» **INPUT DATA**
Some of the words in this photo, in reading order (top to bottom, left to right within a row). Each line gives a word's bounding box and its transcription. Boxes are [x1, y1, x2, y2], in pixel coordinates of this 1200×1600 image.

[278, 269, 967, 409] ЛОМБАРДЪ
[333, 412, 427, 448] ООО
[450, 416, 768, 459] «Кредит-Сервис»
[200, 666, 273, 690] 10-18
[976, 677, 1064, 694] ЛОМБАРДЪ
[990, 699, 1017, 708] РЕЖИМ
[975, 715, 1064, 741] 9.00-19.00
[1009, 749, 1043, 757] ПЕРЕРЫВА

...

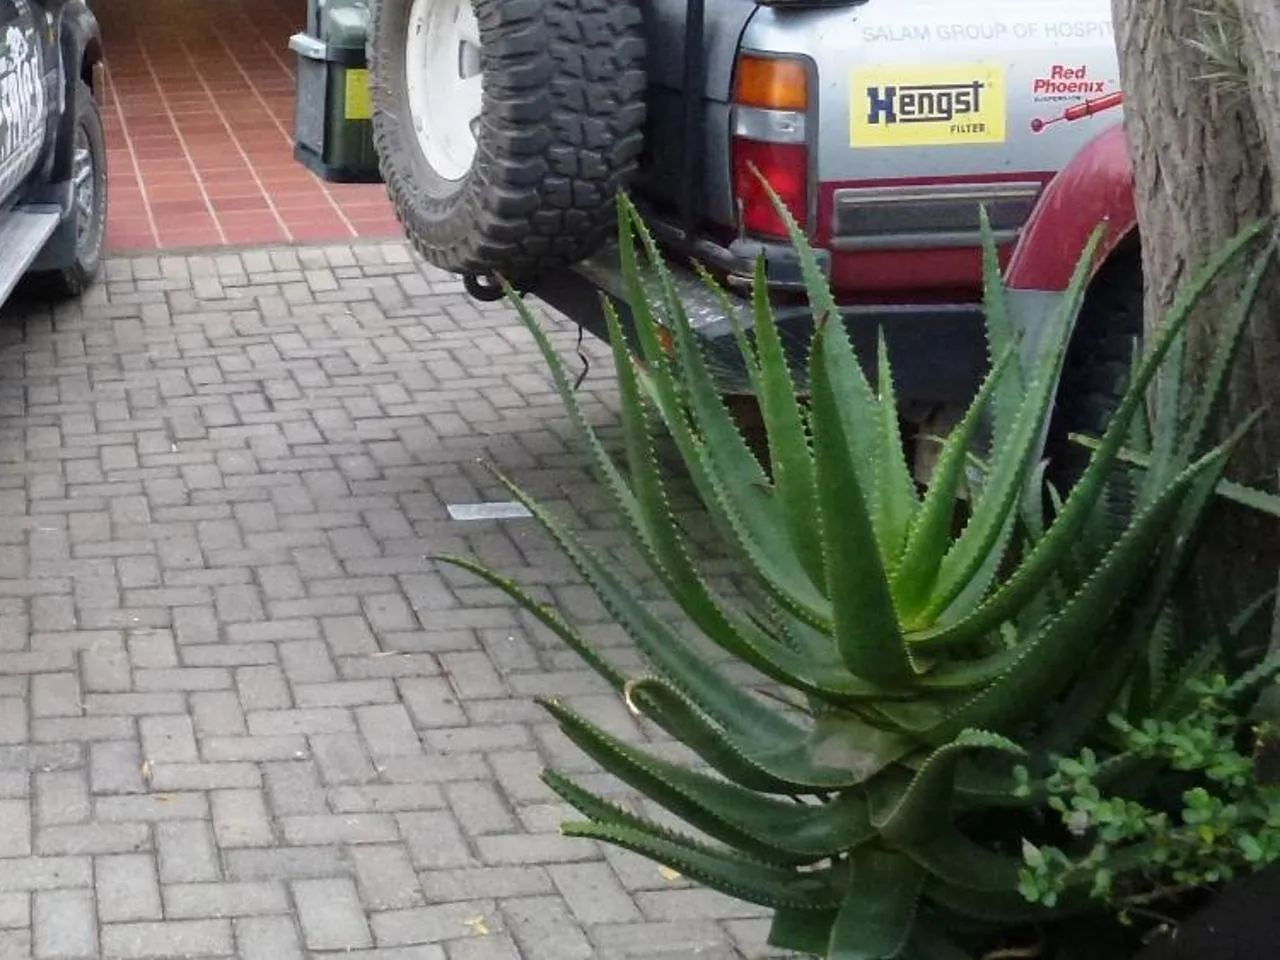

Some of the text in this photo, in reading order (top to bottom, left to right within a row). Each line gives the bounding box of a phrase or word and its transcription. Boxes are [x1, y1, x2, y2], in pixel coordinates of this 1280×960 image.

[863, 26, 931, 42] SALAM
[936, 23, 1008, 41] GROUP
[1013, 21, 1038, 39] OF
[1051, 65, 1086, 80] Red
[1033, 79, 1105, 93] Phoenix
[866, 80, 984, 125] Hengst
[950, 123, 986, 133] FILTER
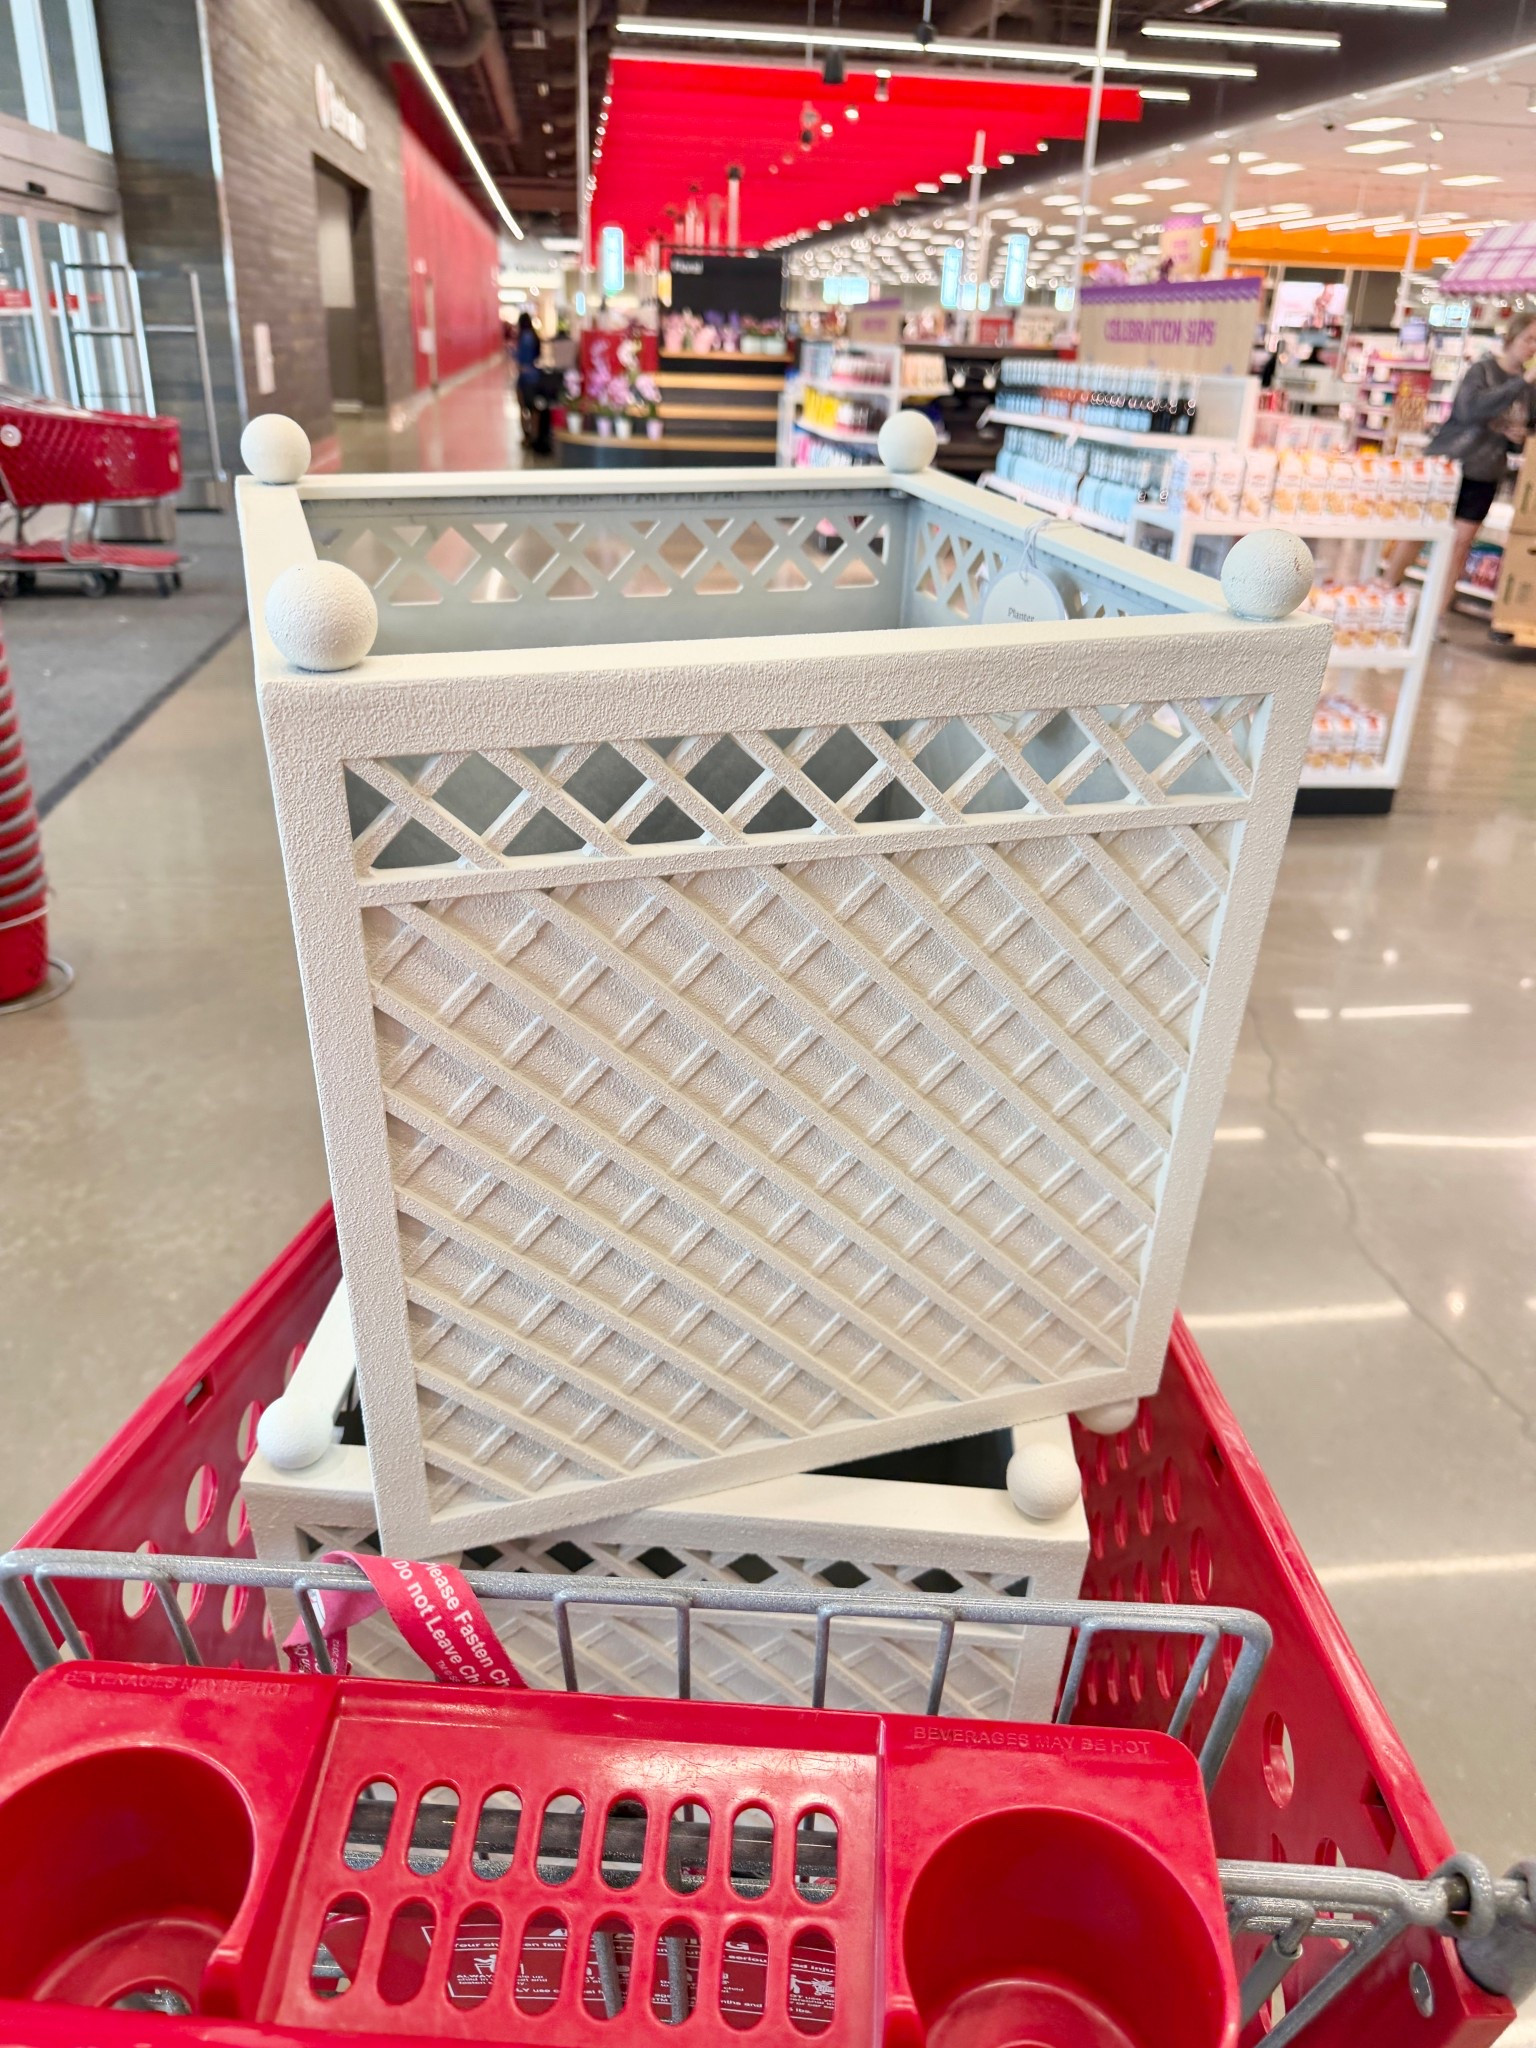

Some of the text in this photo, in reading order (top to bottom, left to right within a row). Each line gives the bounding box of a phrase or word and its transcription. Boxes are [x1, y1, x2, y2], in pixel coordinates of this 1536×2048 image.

» **TASK REQUIREMENTS**
For this task, return exactly the stretch of the listing above from the line with "this 1280×960 image." through the line with "this 1536×2048 image.", inclusive and without pictures.

» **ANSWER TO THIS EXERCISE**
Some of the text in this photo, in reading order (top to bottom, left to right within a row). Each line gives the bounding box of a phrase or word and its transcription. Boxes are [x1, y1, x2, y2], in pixel coordinates of this 1280×960 image.

[863, 26, 931, 42] SALAM
[936, 23, 1008, 41] GROUP
[1013, 21, 1038, 39] OF
[1051, 65, 1086, 80] Red
[1033, 79, 1105, 93] Phoenix
[866, 80, 984, 125] Hengst
[950, 123, 986, 133] FILTER

Some of the text in this photo, in reading order (top to bottom, left to right within a row). Each line gives the bounding box of a phrase or word and its transcription. Boxes are [x1, y1, x2, y2], in pixel coordinates of this 1536×2048 image.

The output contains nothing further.